--- Source records Enclosed Below ---

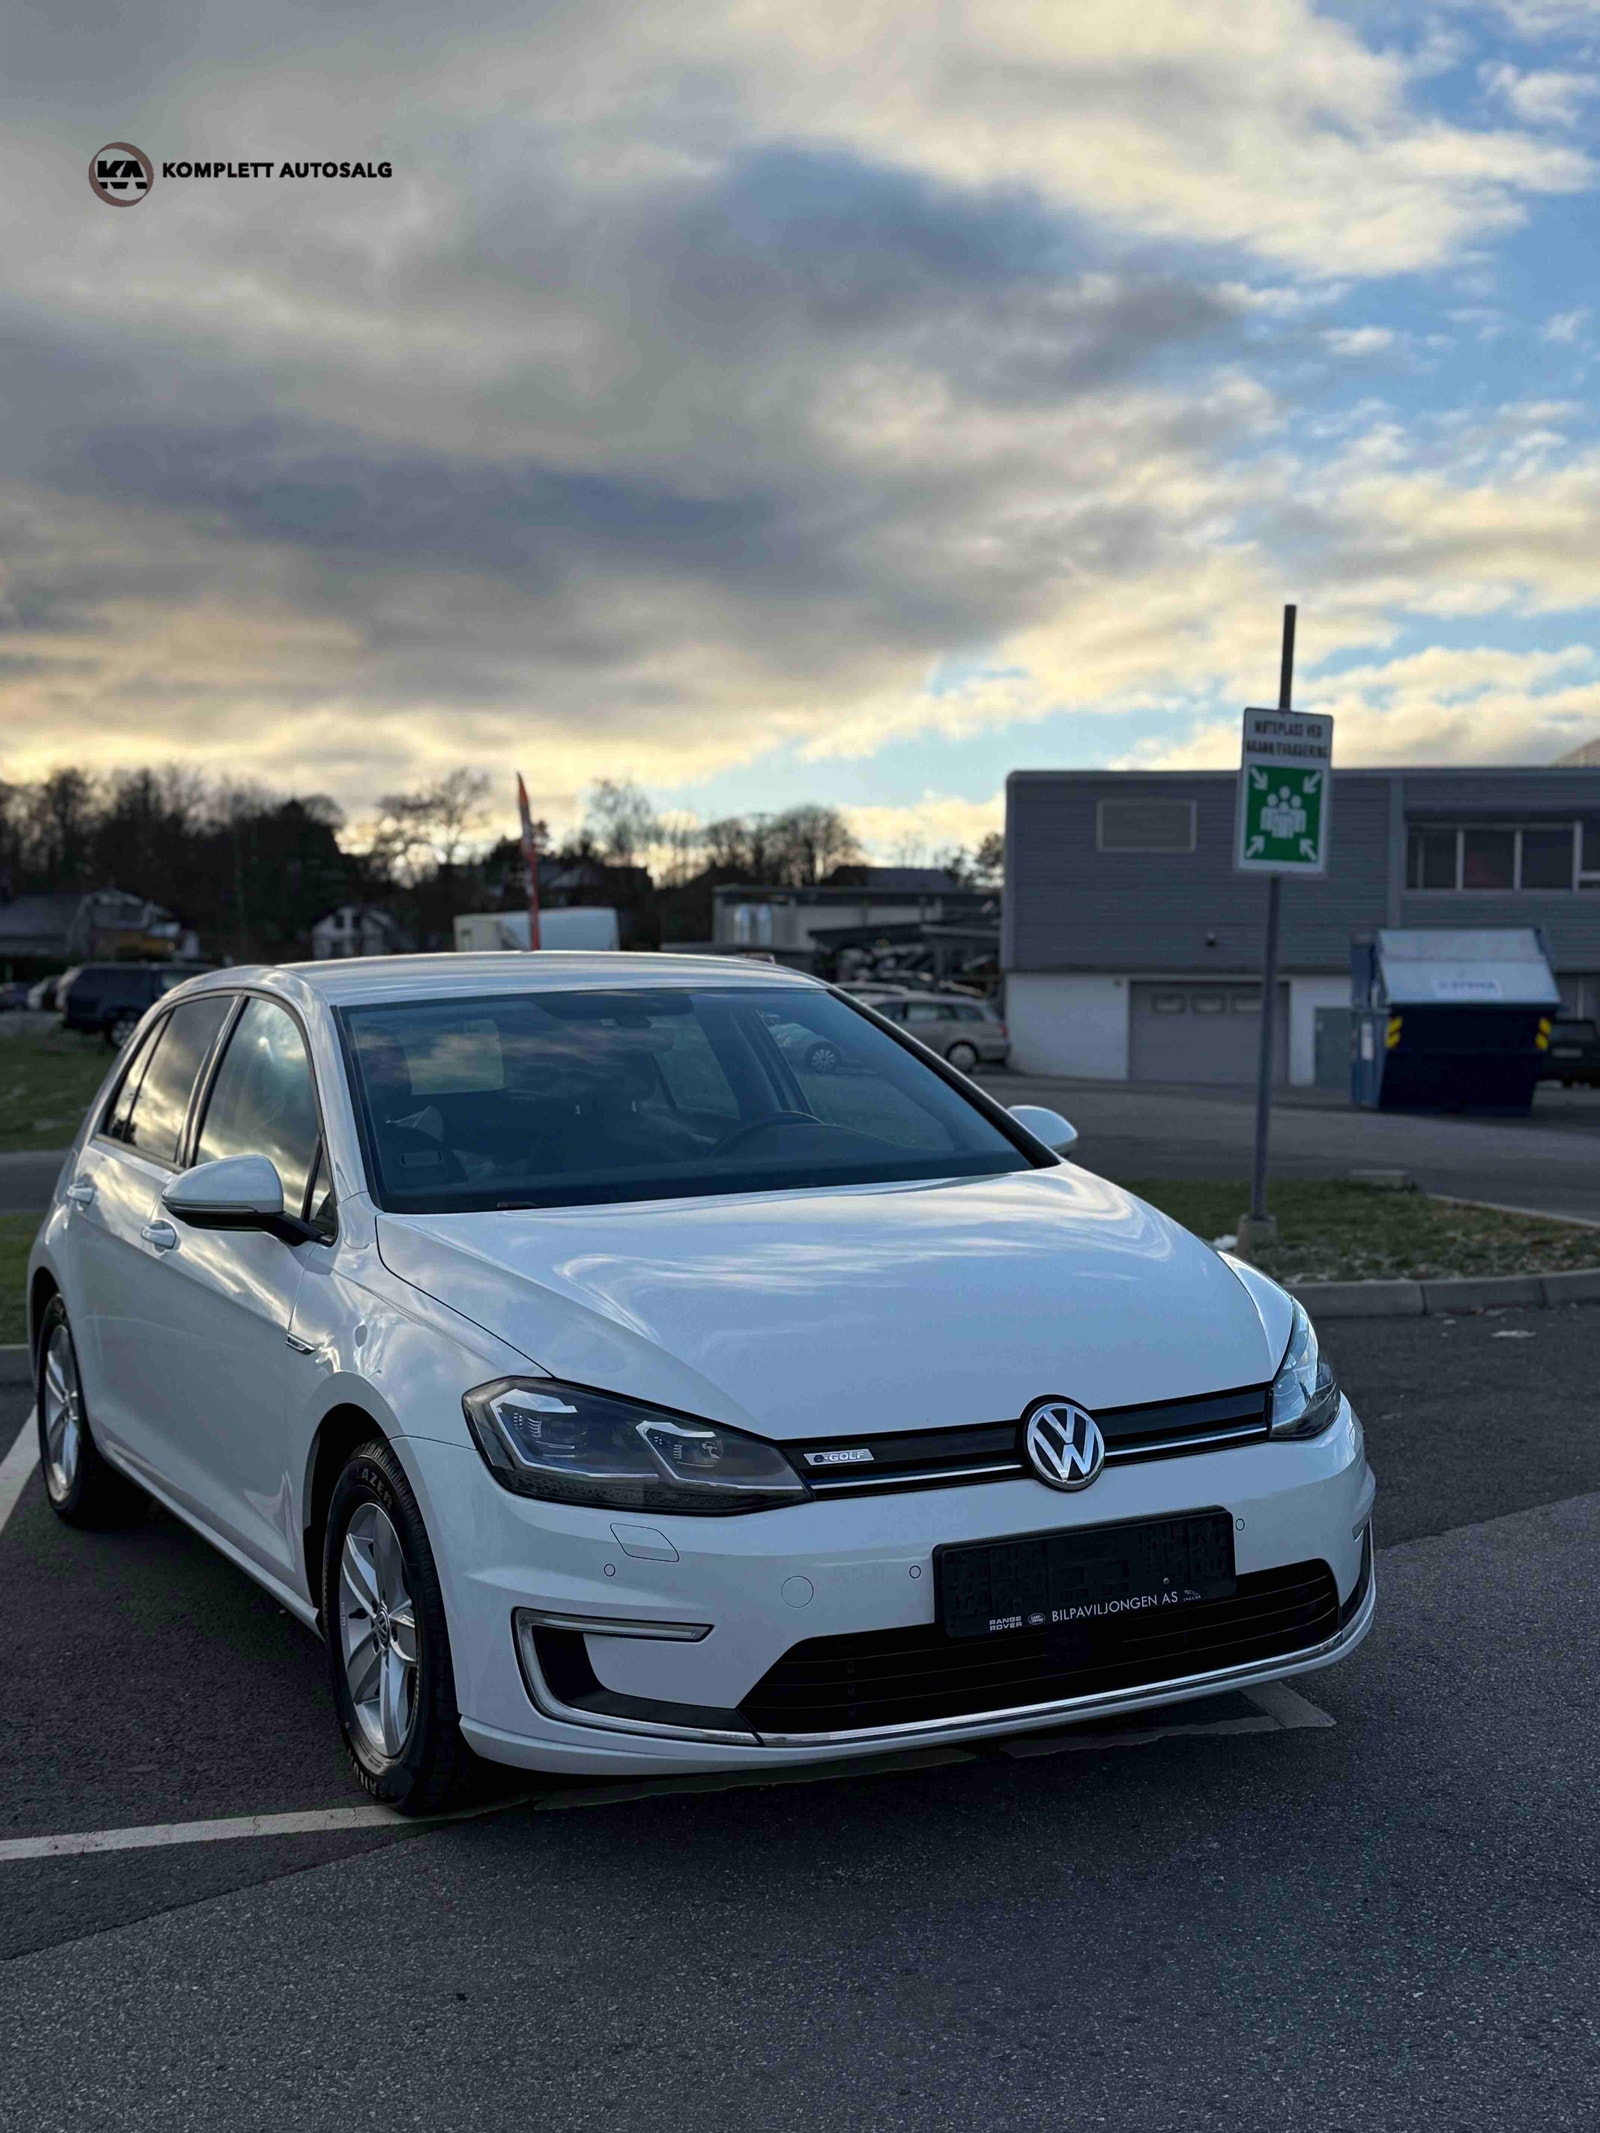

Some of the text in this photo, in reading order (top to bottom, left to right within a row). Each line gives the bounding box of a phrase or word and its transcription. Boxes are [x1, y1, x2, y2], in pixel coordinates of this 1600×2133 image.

[350, 1466, 394, 1511] LAZER
[1052, 1591, 1178, 1623] BILPAVILJONGEN AS
[989, 1616, 1022, 1626] RANGE
[989, 1621, 1023, 1632] ROVER

--- End of Enclosed Source records ---

## Directions
Would you restate all of the data above word for word, omitting the pictures?

## Solution for this task
Some of the text in this photo, in reading order (top to bottom, left to right within a row). Each line gives the bounding box of a phrase or word and its transcription. Boxes are [x1, y1, x2, y2], in pixel coordinates of this 1600×2133 image.

[350, 1466, 394, 1511] LAZER
[1052, 1591, 1178, 1623] BILPAVILJONGEN AS
[989, 1616, 1022, 1626] RANGE
[989, 1621, 1023, 1632] ROVER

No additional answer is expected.